High Throughput Sequencing Data
Before considering having the Bioinformatics Core submit your sequence data to GEO for you, please read through the instructions at http://www.ncbi.nlm.nih.gov/geo/info/seq.html. If after doing so you feel it is best for us to handle the submission, please read thoroughly the instructions below. Time line: Please note that once we submit the data, the length of time it takes to receive the GEO number for your study is out of our control. Given our experience, it generally takes up to TEN business days to receive this number from GEO. In order to avoid delays in your publication procedure, we recommend you start the GEO submission FOUR weeks ahead of time.

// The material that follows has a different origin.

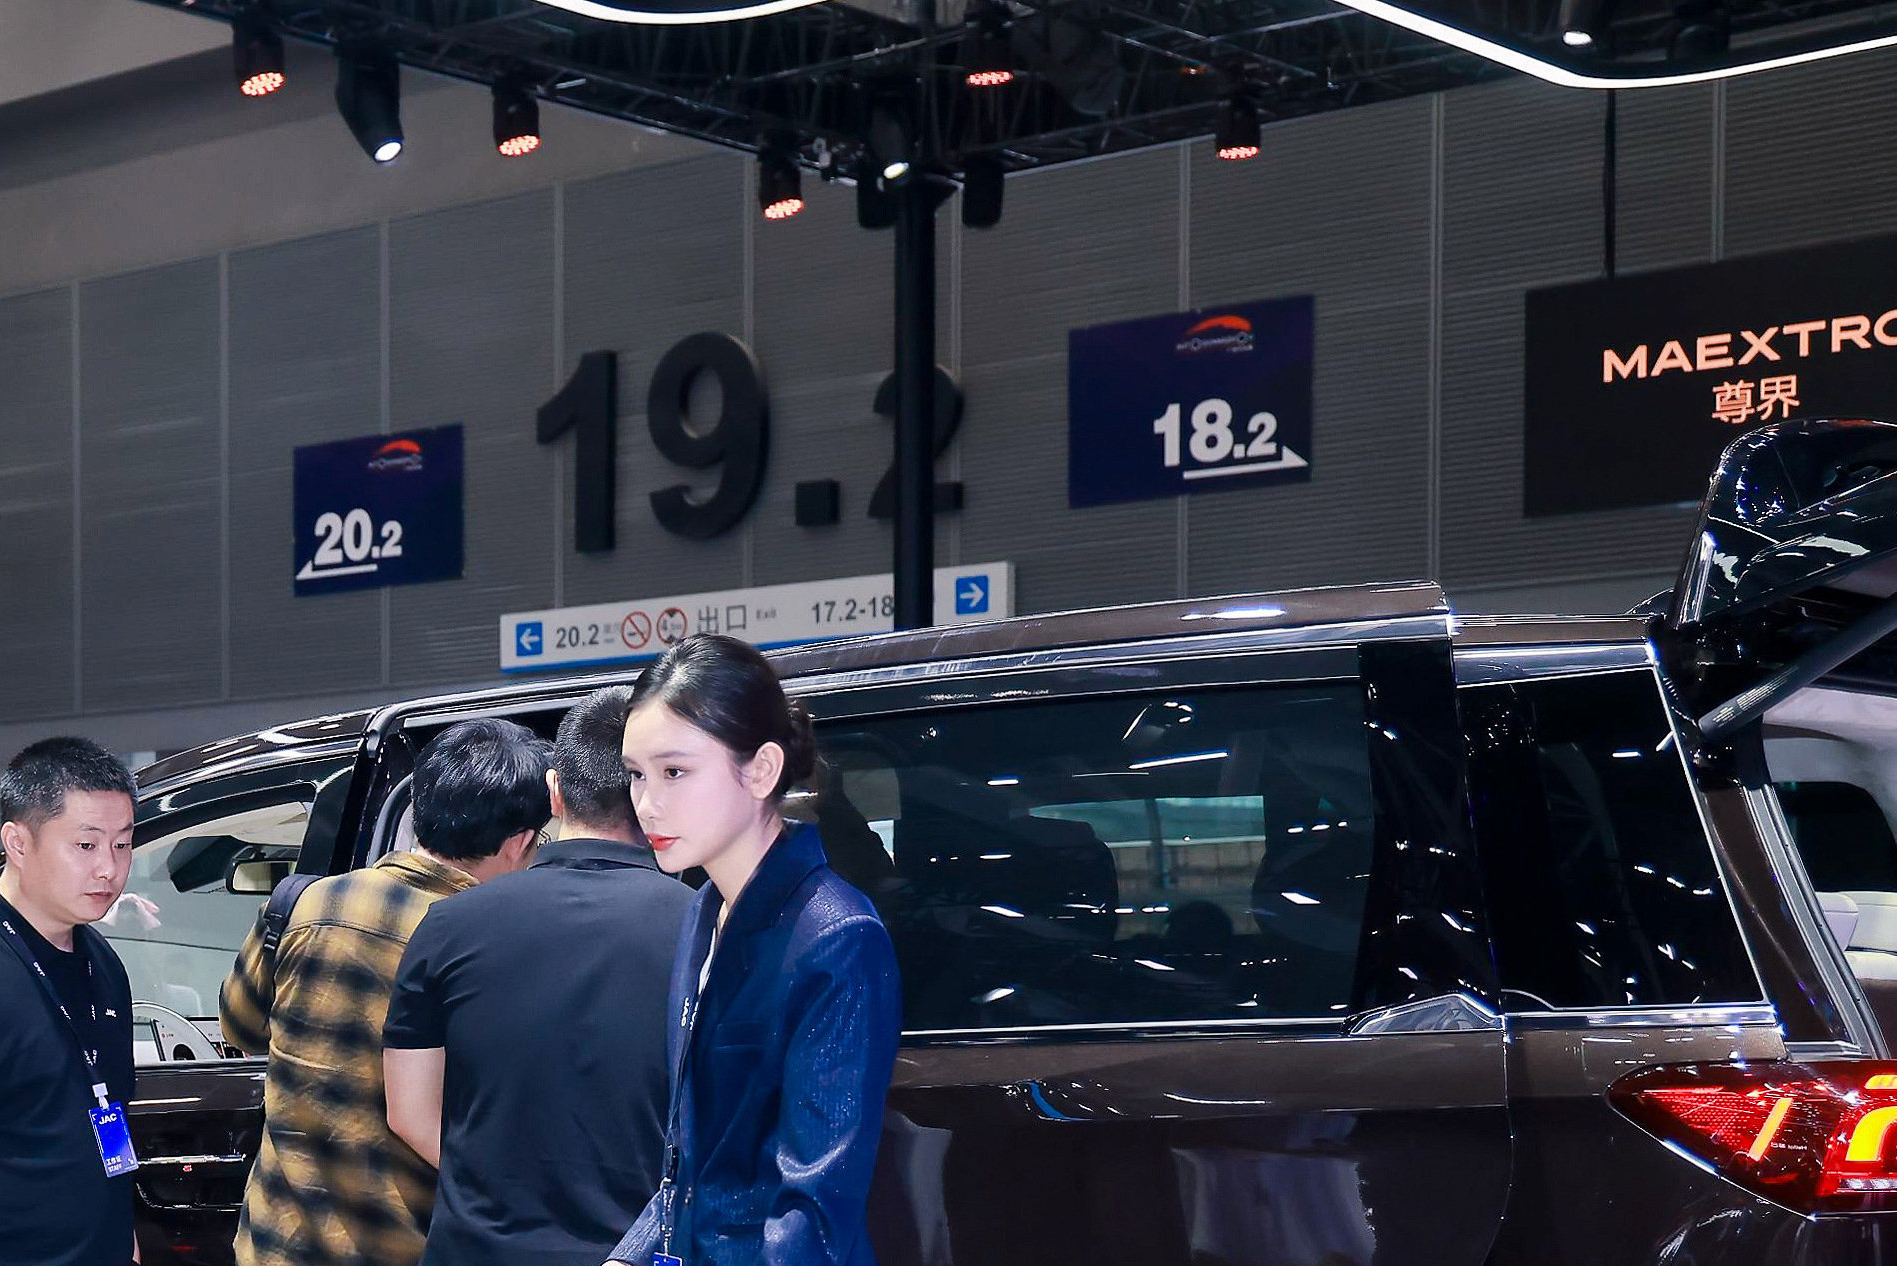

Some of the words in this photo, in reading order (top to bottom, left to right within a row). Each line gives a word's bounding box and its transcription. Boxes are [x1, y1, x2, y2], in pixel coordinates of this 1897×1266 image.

What we need from you: For all HTS submissions, we need three components:
-
raw data files
- Files generated by sequencing instrument, containing reads and quality scores
- e.g., BAM, FASTQ, CSFASTQ/QUAL, SFF, etc. NOTE: SRA prefers BAM over FASTQ whenever possible. See https://www.ncbi.nlm.nih.gov/sra/docs/submitformats/ for details.
-
processed/normalized data files
- These are file(s) you used to draw conclusions from your study. The person who analyzed your data will have this information.
- e.g., normalized abundance measurments for expression profiling data, tag density files or peak files with quantitative data for ChIP-Seq data, etc.
-
a metadata worksheet containing descriptive information and protocols for experiments and samples, and information on your publication (title, authors, abstract)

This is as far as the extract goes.